In a statement Monday, AstraZeneca's board said it "reiterates its confidence in AstraZeneca's ability to deliver on its prospects as an independent, science led business."
Pfizer Inc., which is the world's second-biggest drugmaker by revenue, has been courting No. 8 AstraZeneca PLC since January, arguing that their businesses are complementary and would be stronger together. On Sunday, it said it was ready to raise its stock-and-cash offer by 15 percent to $118.8 billion, or 70.73 billion pounds.
AstraZeneca didn't take long in rejecting the offer, its board arguing that Pfizer is making "an opportunistic attempt to acquire a transformed AstraZeneca, without reflecting the value of its exciting pipeline."
Because Pfizer said it won't raise its offer again or launch a hostile takeover bid over the heads of AstraZeneca's board, the prospect of a deal looks increasingly remote unless AstraZeneca shareholders urge a change of mind. Pfizer has said it hopes AstraZeneca's shareholders will push for a deal.

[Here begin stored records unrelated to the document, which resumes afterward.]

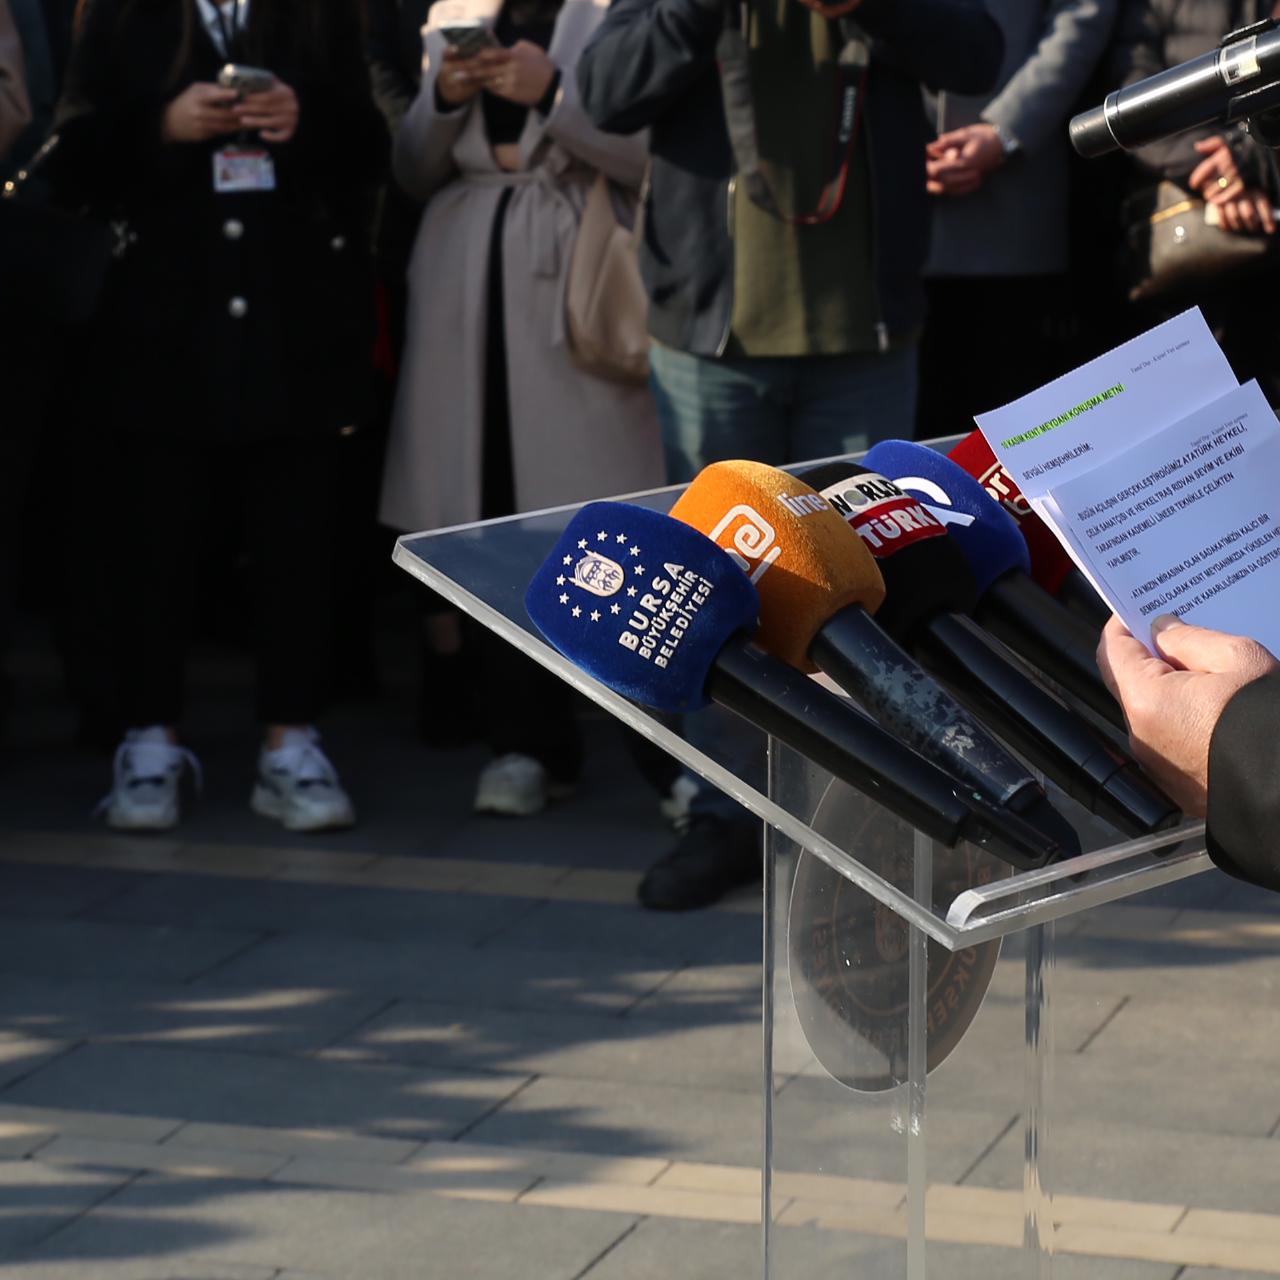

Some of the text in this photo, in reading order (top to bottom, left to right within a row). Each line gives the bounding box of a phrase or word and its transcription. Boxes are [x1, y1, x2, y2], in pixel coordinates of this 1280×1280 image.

[1005, 433, 1024, 448] KASIM
[1021, 425, 1042, 441] KENT
[1038, 411, 1070, 433] MEYDANI
[1066, 393, 1104, 419] KONUŞMA
[1100, 381, 1124, 401] METNİ
[1095, 470, 1236, 555] TARAFINDAN KADEMELİ LİNEER TEKNİKLE ÇELİKTEN
[1098, 509, 1130, 534] SANATÇISI
[1126, 506, 1136, 517] VE
[1133, 485, 1174, 514] HEYKELTRAŞ
[1170, 472, 1196, 492] RIDVAN
[1192, 460, 1215, 479] SEVİM
[1213, 455, 1225, 467] VE
[1222, 442, 1245, 461] EKİBİ
[1114, 457, 1184, 502] GERÇEKLEŞTİRDİĞİMİZ
[1180, 439, 1214, 464] ATATÜRK
[855, 505, 939, 548] TÜRK
[1155, 561, 1186, 584] MİRASINA
[1183, 553, 1201, 569] OLAN
[1197, 528, 1243, 560] SADAKATİMİZİN
[1239, 518, 1260, 535] KALICI
[1256, 511, 1270, 525] BİR
[618, 562, 684, 652] BURSA
[638, 570, 700, 660] BÜYÜKŞEHİR
[1138, 592, 1168, 616] SEMBOLÜ
[1164, 581, 1190, 601] OLARAK
[1187, 571, 1206, 587] KENT
[1202, 547, 1246, 578] MEYDANIMIZDA
[1241, 530, 1274, 555] YÜKSELEN
[1193, 595, 1203, 606] VE
[1247, 561, 1258, 572] DA
[654, 577, 715, 669] BELEDİYESİ

"This has been going on for quite some time and we have been in very deep engagement over the whole of the weekend," AstraZeneca Chairman Leif Johansson told the BBC. "If Pfizer now says this is the final offer I have to believe what they say."
Shareholders in AstraZeneca certainly think a deal is now very unlikely and the company's share price slumped 14.7 percent to 41.15 pounds.
For weeks, Pfizer has sought to get the board's approval for what would have been the richest acquisition ever among drugmakers and the third-biggest deal in any industry, according to figures from research firm Dealogic. It would be Pfizer's fourth deal worth $60 billion or more since 2000.